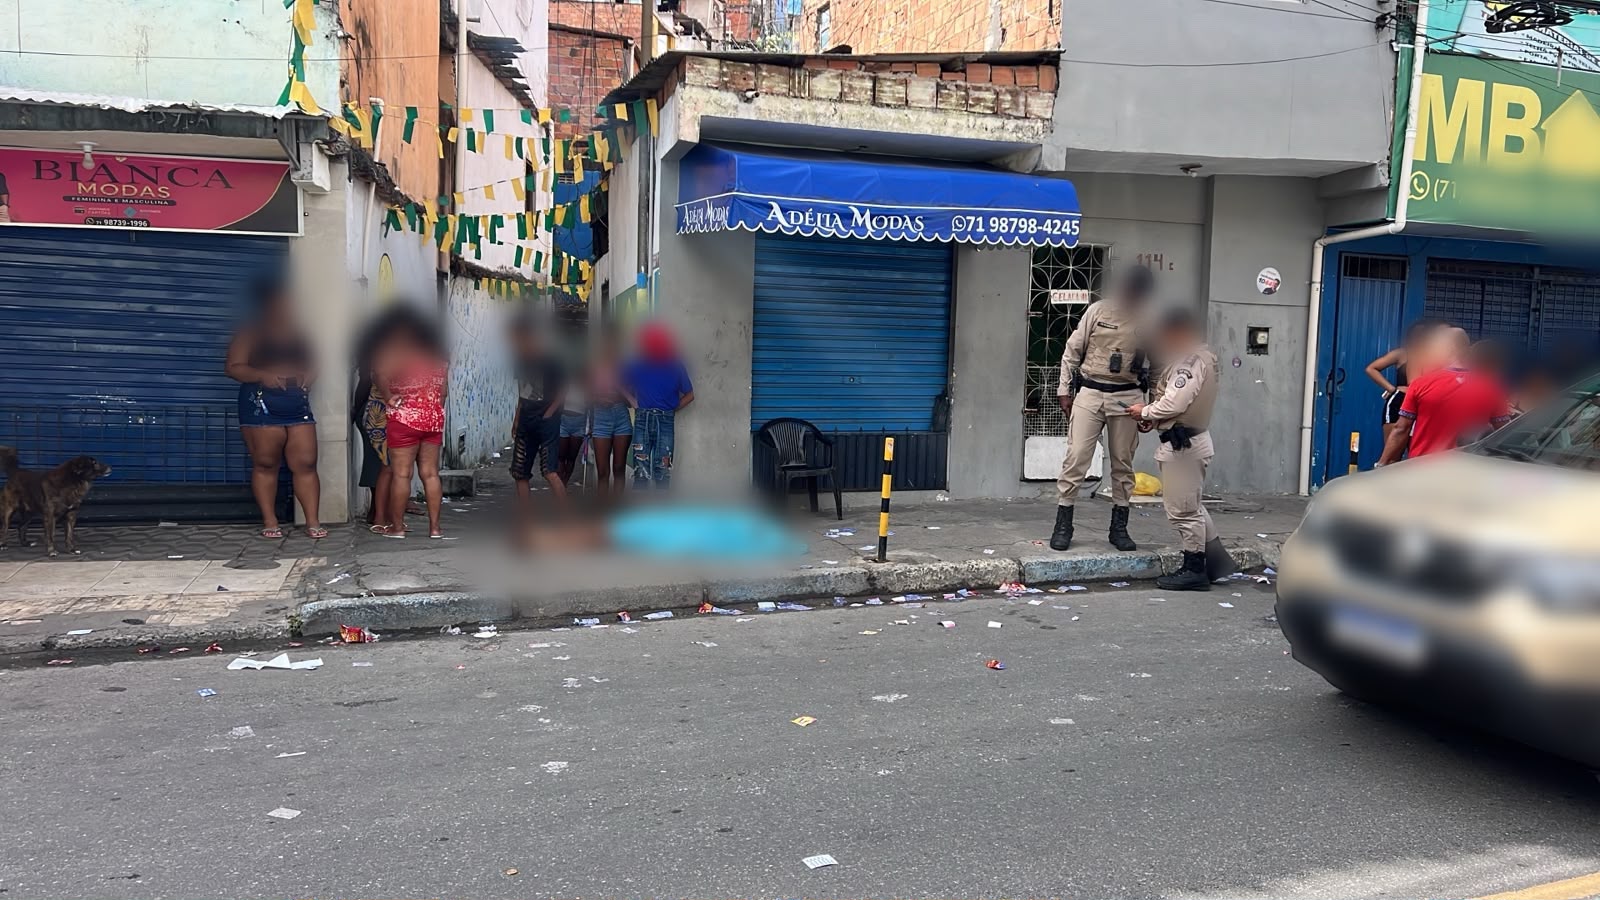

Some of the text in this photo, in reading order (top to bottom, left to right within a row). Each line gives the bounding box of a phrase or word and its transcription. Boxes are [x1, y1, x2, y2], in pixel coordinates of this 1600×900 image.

[32, 159, 234, 189] BIANCA
[77, 182, 171, 199] MODAS
[121, 198, 169, 206] MASCULINA
[103, 218, 148, 227] 98739-1996
[766, 201, 925, 234] ADÉLIA MODAS
[966, 215, 1080, 236] 71 98798-4245

- _EXERCISE REQUIREMENTS_
Can you retype every record above exactly, leaving out the pictures?

- _RESPONSE BELOW_
Some of the text in this photo, in reading order (top to bottom, left to right within a row). Each line gives the bounding box of a phrase or word and its transcription. Boxes are [x1, y1, x2, y2], in pixel coordinates of this 1600×900 image.

[32, 159, 234, 189] BIANCA
[77, 182, 171, 199] MODAS
[121, 198, 169, 206] MASCULINA
[103, 218, 148, 227] 98739-1996
[766, 201, 925, 234] ADÉLIA MODAS
[966, 215, 1080, 236] 71 98798-4245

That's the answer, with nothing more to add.